**Work instructions**
The expected output is the exact lines from the one containing "this 2009×1848 image." through the end of the data, inclusive, and nothing else.

**The data**
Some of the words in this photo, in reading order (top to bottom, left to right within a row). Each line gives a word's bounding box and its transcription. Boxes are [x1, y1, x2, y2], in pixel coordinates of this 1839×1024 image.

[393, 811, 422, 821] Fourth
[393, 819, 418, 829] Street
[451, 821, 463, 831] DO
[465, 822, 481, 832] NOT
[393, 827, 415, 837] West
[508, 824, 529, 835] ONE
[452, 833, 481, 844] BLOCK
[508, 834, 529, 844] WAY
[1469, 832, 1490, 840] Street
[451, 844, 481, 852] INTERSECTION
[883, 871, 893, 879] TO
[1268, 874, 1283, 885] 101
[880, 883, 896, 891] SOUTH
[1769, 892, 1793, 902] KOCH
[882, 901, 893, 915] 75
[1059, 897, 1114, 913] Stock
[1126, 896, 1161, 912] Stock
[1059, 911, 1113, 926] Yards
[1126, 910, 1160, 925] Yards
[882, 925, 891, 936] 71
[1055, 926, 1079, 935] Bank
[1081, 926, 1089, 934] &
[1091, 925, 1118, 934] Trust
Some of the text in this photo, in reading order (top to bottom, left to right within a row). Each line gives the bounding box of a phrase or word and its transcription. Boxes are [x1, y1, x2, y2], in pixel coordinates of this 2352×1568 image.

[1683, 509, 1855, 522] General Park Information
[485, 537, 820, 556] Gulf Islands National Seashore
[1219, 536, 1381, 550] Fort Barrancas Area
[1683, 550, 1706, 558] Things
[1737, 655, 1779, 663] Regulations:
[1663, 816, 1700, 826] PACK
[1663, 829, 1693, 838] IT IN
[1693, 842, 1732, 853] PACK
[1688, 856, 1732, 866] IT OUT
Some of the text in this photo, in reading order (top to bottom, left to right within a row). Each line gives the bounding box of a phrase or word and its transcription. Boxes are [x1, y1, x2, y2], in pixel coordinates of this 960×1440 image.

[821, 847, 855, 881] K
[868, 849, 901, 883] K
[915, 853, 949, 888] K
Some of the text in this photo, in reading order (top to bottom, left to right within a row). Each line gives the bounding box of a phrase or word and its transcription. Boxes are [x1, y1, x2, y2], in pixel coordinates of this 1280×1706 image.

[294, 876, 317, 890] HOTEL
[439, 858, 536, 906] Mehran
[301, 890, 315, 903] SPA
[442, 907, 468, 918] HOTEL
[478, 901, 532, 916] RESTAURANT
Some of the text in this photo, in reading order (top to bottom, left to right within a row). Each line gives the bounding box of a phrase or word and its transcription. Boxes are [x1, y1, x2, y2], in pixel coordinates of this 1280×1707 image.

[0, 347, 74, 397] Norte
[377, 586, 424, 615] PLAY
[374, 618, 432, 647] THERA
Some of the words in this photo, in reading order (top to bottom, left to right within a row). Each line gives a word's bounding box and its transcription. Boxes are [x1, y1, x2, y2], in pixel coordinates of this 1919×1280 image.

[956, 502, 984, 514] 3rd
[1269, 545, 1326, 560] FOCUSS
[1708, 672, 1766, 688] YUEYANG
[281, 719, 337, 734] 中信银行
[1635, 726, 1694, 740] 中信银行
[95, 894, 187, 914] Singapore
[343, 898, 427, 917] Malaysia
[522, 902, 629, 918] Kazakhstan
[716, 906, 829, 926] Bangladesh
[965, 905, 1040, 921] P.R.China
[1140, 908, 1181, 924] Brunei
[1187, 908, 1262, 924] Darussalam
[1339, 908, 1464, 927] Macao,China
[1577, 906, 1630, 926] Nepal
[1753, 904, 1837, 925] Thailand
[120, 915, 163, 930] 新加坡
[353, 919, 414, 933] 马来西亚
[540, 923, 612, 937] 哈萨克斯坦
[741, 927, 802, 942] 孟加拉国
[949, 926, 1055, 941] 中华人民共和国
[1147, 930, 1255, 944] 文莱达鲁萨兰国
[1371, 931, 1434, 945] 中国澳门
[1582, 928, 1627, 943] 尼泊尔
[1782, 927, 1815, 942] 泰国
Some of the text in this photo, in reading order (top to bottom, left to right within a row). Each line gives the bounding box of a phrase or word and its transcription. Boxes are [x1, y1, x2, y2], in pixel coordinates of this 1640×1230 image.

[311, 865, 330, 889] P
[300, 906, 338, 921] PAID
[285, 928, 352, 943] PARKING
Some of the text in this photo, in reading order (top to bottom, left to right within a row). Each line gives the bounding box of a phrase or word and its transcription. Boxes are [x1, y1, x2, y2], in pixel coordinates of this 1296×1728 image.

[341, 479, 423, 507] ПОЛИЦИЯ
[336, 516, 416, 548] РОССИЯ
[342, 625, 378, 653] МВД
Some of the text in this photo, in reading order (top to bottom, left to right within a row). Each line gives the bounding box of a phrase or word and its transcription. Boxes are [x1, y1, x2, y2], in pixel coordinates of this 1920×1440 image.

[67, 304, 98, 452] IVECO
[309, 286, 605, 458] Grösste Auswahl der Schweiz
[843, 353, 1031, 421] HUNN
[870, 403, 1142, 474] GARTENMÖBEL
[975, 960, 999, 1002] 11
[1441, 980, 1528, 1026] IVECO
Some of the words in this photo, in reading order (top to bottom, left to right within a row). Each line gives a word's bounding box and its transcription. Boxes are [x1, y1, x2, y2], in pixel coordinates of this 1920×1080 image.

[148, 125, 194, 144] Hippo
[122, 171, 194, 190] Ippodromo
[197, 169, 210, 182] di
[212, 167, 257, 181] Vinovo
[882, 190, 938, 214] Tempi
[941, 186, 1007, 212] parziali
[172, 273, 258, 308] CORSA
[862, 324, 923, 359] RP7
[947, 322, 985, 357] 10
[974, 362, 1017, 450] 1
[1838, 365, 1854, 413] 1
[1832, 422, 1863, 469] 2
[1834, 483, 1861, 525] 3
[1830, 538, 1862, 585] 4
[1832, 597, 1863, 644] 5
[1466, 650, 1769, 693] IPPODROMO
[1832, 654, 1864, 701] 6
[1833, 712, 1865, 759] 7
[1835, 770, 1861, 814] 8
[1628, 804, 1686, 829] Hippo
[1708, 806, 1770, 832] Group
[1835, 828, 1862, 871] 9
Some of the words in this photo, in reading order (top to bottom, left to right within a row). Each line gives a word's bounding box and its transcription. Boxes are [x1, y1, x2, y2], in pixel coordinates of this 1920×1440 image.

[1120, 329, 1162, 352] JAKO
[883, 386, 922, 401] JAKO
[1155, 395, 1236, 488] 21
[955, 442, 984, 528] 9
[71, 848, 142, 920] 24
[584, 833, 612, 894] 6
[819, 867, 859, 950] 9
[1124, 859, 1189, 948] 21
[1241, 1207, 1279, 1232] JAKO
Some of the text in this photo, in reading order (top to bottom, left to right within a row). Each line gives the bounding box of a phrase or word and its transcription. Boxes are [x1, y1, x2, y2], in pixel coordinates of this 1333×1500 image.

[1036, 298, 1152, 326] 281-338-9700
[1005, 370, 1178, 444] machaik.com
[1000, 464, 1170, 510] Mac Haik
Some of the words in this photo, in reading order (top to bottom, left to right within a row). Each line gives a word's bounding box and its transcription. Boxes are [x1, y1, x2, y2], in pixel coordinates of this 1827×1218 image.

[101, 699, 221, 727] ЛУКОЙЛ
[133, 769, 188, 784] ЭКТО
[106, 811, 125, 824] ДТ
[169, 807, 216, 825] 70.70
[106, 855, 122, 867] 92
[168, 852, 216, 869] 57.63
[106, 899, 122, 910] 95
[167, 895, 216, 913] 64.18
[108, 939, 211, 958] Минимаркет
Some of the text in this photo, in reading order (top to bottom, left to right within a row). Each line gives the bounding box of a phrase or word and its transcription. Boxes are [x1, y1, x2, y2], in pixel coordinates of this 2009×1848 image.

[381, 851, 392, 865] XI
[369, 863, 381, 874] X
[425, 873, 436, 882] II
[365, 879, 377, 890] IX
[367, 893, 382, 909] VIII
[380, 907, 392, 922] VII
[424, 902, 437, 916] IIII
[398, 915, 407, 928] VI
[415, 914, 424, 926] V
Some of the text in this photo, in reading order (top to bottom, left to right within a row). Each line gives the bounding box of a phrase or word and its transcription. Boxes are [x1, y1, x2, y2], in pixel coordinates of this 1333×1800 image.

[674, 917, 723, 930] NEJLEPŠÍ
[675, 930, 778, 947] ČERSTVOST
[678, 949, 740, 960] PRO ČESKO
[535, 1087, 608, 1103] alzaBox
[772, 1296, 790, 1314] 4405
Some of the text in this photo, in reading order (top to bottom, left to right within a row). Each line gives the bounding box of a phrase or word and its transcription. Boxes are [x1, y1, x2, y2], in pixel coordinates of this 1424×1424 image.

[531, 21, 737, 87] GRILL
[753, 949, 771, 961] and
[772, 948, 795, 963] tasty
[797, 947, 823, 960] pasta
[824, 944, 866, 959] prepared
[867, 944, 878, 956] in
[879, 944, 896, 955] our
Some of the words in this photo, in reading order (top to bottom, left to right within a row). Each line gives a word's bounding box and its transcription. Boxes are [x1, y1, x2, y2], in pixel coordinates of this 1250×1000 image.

**Result of the task**
Some of the text in this photo, in reading order (top to bottom, left to right within a row). Each line gives the bounding box of a phrase or word and its transcription. Boxes are [x1, y1, x2, y2], in pixel coordinates of this 2009×1848 image.

[381, 851, 392, 865] XI
[369, 863, 381, 874] X
[425, 873, 436, 882] II
[365, 879, 377, 890] IX
[367, 893, 382, 909] VIII
[380, 907, 392, 922] VII
[424, 902, 437, 916] IIII
[398, 915, 407, 928] VI
[415, 914, 424, 926] V
Some of the text in this photo, in reading order (top to bottom, left to right within a row). Each line gives the bounding box of a phrase or word and its transcription. Boxes are [x1, y1, x2, y2], in pixel coordinates of this 1333×1800 image.

[674, 917, 723, 930] NEJLEPŠÍ
[675, 930, 778, 947] ČERSTVOST
[678, 949, 740, 960] PRO ČESKO
[535, 1087, 608, 1103] alzaBox
[772, 1296, 790, 1314] 4405
Some of the text in this photo, in reading order (top to bottom, left to right within a row). Each line gives the bounding box of a phrase or word and its transcription. Boxes are [x1, y1, x2, y2], in pixel coordinates of this 1424×1424 image.

[531, 21, 737, 87] GRILL
[753, 949, 771, 961] and
[772, 948, 795, 963] tasty
[797, 947, 823, 960] pasta
[824, 944, 866, 959] prepared
[867, 944, 878, 956] in
[879, 944, 896, 955] our
Some of the words in this photo, in reading order (top to bottom, left to right within a row). Each line gives a word's bounding box and its transcription. Boxes are [x1, y1, x2, y2], in pixel coordinates of this 1250×1000 image.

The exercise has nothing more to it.